◆ **SUPPLIED RECORDS**:
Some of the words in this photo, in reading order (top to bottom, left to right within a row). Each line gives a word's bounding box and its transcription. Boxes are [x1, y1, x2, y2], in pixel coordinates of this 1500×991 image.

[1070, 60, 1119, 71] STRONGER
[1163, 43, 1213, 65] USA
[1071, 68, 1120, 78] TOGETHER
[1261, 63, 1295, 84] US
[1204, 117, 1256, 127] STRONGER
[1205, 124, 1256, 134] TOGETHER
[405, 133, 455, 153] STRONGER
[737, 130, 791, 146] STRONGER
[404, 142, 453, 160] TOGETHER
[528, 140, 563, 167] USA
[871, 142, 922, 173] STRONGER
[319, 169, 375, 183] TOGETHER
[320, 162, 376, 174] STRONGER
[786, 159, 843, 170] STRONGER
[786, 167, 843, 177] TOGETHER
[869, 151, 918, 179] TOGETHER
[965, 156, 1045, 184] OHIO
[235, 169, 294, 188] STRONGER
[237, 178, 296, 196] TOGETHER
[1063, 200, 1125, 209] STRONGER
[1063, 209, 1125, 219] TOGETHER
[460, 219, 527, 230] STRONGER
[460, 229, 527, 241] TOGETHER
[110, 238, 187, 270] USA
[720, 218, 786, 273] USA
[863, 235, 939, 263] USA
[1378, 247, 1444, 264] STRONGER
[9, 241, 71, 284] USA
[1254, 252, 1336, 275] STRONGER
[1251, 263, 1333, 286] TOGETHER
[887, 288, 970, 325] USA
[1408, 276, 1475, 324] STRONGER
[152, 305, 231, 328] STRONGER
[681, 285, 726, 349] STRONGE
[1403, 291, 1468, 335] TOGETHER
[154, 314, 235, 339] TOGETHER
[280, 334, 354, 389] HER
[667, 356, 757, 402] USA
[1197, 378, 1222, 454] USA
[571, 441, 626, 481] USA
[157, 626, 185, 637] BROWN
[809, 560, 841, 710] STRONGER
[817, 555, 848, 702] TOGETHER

◆ **WHAT THIS TASK INVOLVES**: Your response should consist of the listing, reproduced exactly.

◆ **WRITTEN REPLY**:
Some of the words in this photo, in reading order (top to bottom, left to right within a row). Each line gives a word's bounding box and its transcription. Boxes are [x1, y1, x2, y2], in pixel coordinates of this 1500×991 image.

[1070, 60, 1119, 71] STRONGER
[1163, 43, 1213, 65] USA
[1071, 68, 1120, 78] TOGETHER
[1261, 63, 1295, 84] US
[1204, 117, 1256, 127] STRONGER
[1205, 124, 1256, 134] TOGETHER
[405, 133, 455, 153] STRONGER
[737, 130, 791, 146] STRONGER
[404, 142, 453, 160] TOGETHER
[528, 140, 563, 167] USA
[871, 142, 922, 173] STRONGER
[319, 169, 375, 183] TOGETHER
[320, 162, 376, 174] STRONGER
[786, 159, 843, 170] STRONGER
[786, 167, 843, 177] TOGETHER
[869, 151, 918, 179] TOGETHER
[965, 156, 1045, 184] OHIO
[235, 169, 294, 188] STRONGER
[237, 178, 296, 196] TOGETHER
[1063, 200, 1125, 209] STRONGER
[1063, 209, 1125, 219] TOGETHER
[460, 219, 527, 230] STRONGER
[460, 229, 527, 241] TOGETHER
[110, 238, 187, 270] USA
[720, 218, 786, 273] USA
[863, 235, 939, 263] USA
[1378, 247, 1444, 264] STRONGER
[9, 241, 71, 284] USA
[1254, 252, 1336, 275] STRONGER
[1251, 263, 1333, 286] TOGETHER
[887, 288, 970, 325] USA
[1408, 276, 1475, 324] STRONGER
[152, 305, 231, 328] STRONGER
[681, 285, 726, 349] STRONGE
[1403, 291, 1468, 335] TOGETHER
[154, 314, 235, 339] TOGETHER
[280, 334, 354, 389] HER
[667, 356, 757, 402] USA
[1197, 378, 1222, 454] USA
[571, 441, 626, 481] USA
[157, 626, 185, 637] BROWN
[809, 560, 841, 710] STRONGER
[817, 555, 848, 702] TOGETHER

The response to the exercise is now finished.